第14話 晦渋
[名・形動]言葉や文章がむずかしく意味がわかりにくいこと。また、そのさま。難解。(デジタル大辞泉)
という意味。
東京大学准教授の斎藤幸平氏による『100分de名著 ヘーゲル 精神現象学』(NHK出版)で、ヘーゲルの難解な文章を紹介する際に、
―――(中略)という部分も晦渋で何を主張しているのか判然としません。
とある。これは形容動詞としての用い方であるが、要するに「ムズい」と言っているのである。
ヘーゲルが『精神現象学』を世に出したのが1807年。日本では江戸時代、文化4年。歴史の授業で習う「化政文化」の「化」の時代である。与謝蕪村や小林一茶、十返舎一九の時代だ。
そりゃあ、そんな昔に書かれた哲学の文章なのだから、読みやすくはないだろう。
しかし古今東西問わず、他の誰よりも、彼の書く文章は「晦渋」という字面に相応しい。
ヘーゲルの『精神現象学』は、日本語訳されたものを何度も手にとった事があるが、1ページも理解できなかった苦々しい記憶がある。ハタチ手前で初めて出会って、50歳を超えた今でも、わけがわからない。彼の書く文章を、思想を、理解できる自信がない。古事記の原文の方がまだ理解できる。

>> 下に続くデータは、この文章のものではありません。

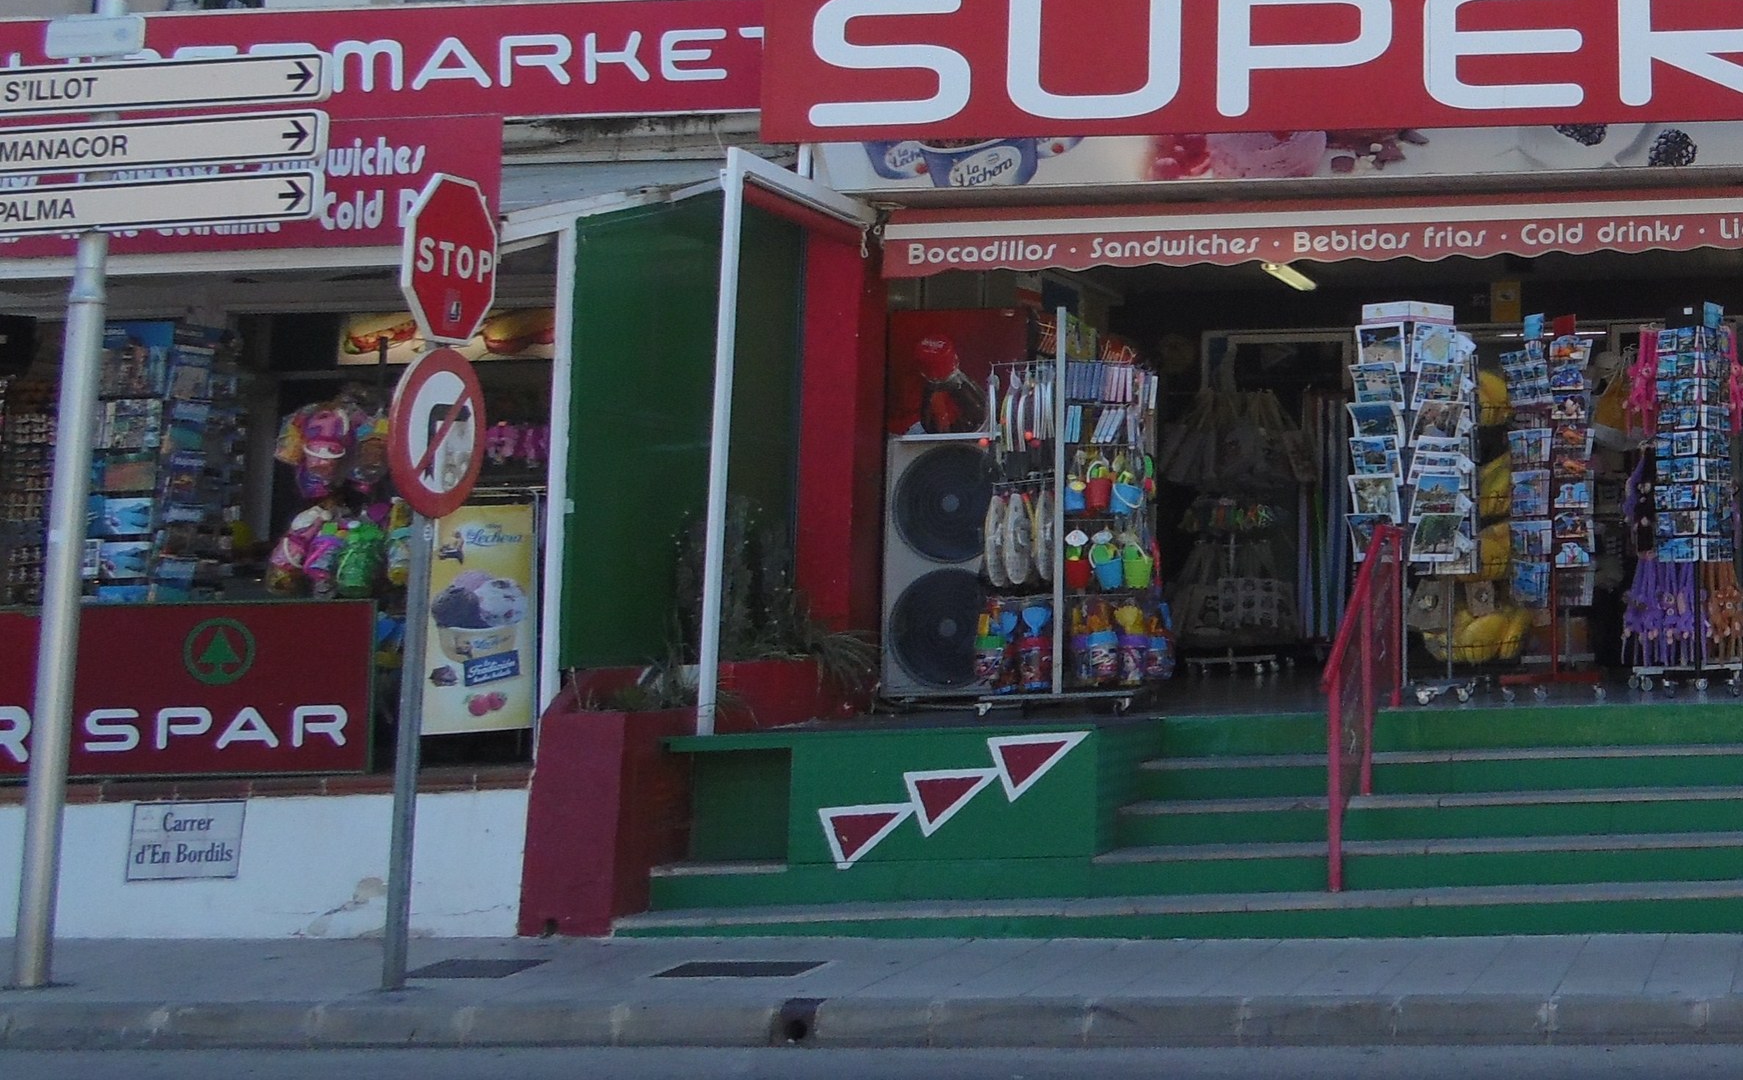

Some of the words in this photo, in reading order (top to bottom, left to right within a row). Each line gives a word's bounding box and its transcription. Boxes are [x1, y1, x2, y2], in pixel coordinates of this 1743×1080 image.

[4, 77, 99, 102] S'ILLOT
[0, 134, 128, 162] MANACOR
[955, 158, 1013, 187] Lechera
[967, 164, 980, 175] La
[319, 189, 384, 231] Cold
[908, 240, 1057, 266] Bocadillos
[1090, 234, 1259, 260] Sandwiches
[1293, 228, 1410, 253] Bebidas
[1424, 225, 1487, 249] frias
[1521, 222, 1583, 245] Cold
[1597, 219, 1684, 244] drinks
[416, 236, 494, 283] STOP
[84, 704, 349, 752] SPAR
[162, 811, 215, 832] Carrer
[135, 843, 171, 865] d'En
[176, 842, 233, 864] Bordils
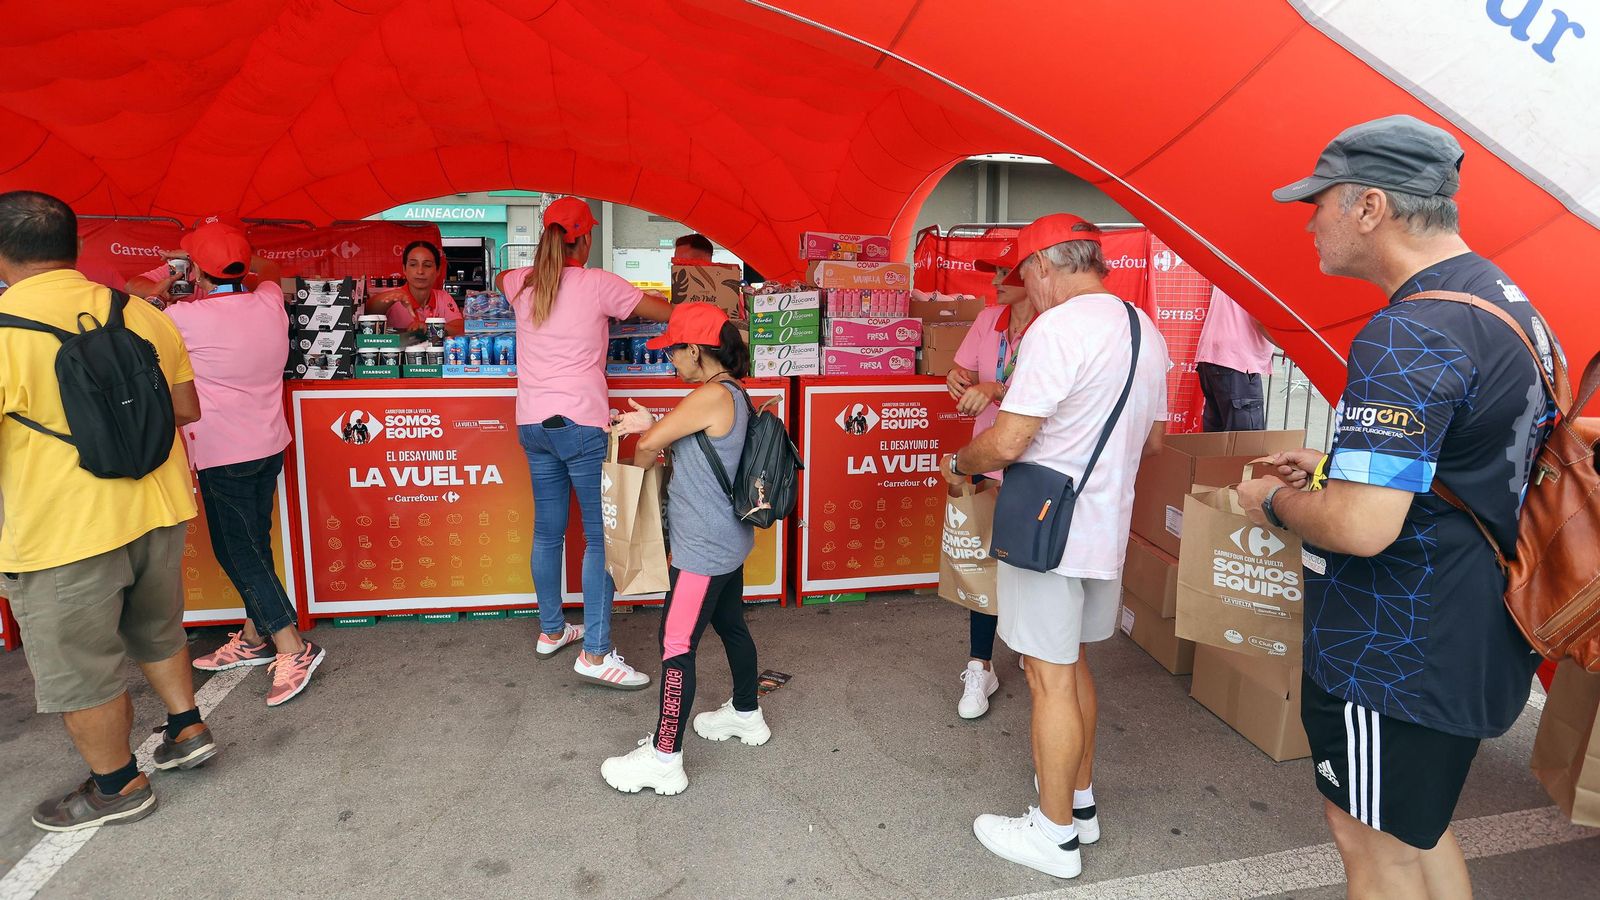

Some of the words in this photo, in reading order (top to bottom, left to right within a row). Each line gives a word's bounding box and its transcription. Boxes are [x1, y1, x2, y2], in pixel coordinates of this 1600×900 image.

[404, 207, 486, 219] ALINEACION
[110, 241, 165, 257] Carref
[856, 261, 880, 269] COVAP
[866, 332, 889, 341] FRESA
[859, 361, 882, 370] FRESA
[881, 407, 928, 419] SOMOS
[384, 414, 441, 427] SOMOS
[880, 419, 929, 430] EQUIPO
[385, 427, 444, 439] EQUIPO
[1362, 427, 1404, 439] FURGONETAS
[880, 441, 889, 451] EL
[890, 440, 928, 450] DESAYUNO
[929, 439, 939, 449] DE
[386, 451, 397, 462] EL
[399, 450, 444, 462] DESAYUNO
[446, 450, 457, 461] DE
[847, 455, 878, 475] LA
[881, 453, 944, 474] VUEL
[349, 467, 386, 488] LA
[389, 464, 504, 487] VUELTA
[883, 479, 920, 488] Carrefour
[394, 493, 438, 503] Carrefour
[1213, 549, 1244, 561] CARREFOUR
[1244, 555, 1255, 563] CON
[1264, 559, 1284, 568] VUELTA
[1212, 557, 1299, 586] SOMOS
[1213, 572, 1302, 602] EQUIPO
[1231, 598, 1252, 608] VUELTA
[663, 667, 683, 717] COLLEGE

というか、翻訳者自身、きっとワケがわからないまま訳している気がする。誰の訳とは言わないけれど。睡眠薬を飲んでも眠れない人に、オススメしたい。誰の訳とは言わないけれど。
ヘーゲルについては「弁証法」をテーマに、また詳しく取り上げたい。
「晦」とは、みそか、である。旧暦の「みそか」は、月の出ない闇夜である。つごもり、ともいう。月が、籠る。見えなくなるから、つごもり。「晦」と書く。
「渋」は、もう私たちは味覚で知っている。表情で示すことだってできる。ただここでは「渋滞」と同じ使いかたをする。すらすらと進まない、という意味だ。
いっそのこと「ムズい」と言ってしまえばそれで伝わるのだけれど、昔々に中国から輸入されたこの熟語、その字面から、やはり、使いやすいのだ。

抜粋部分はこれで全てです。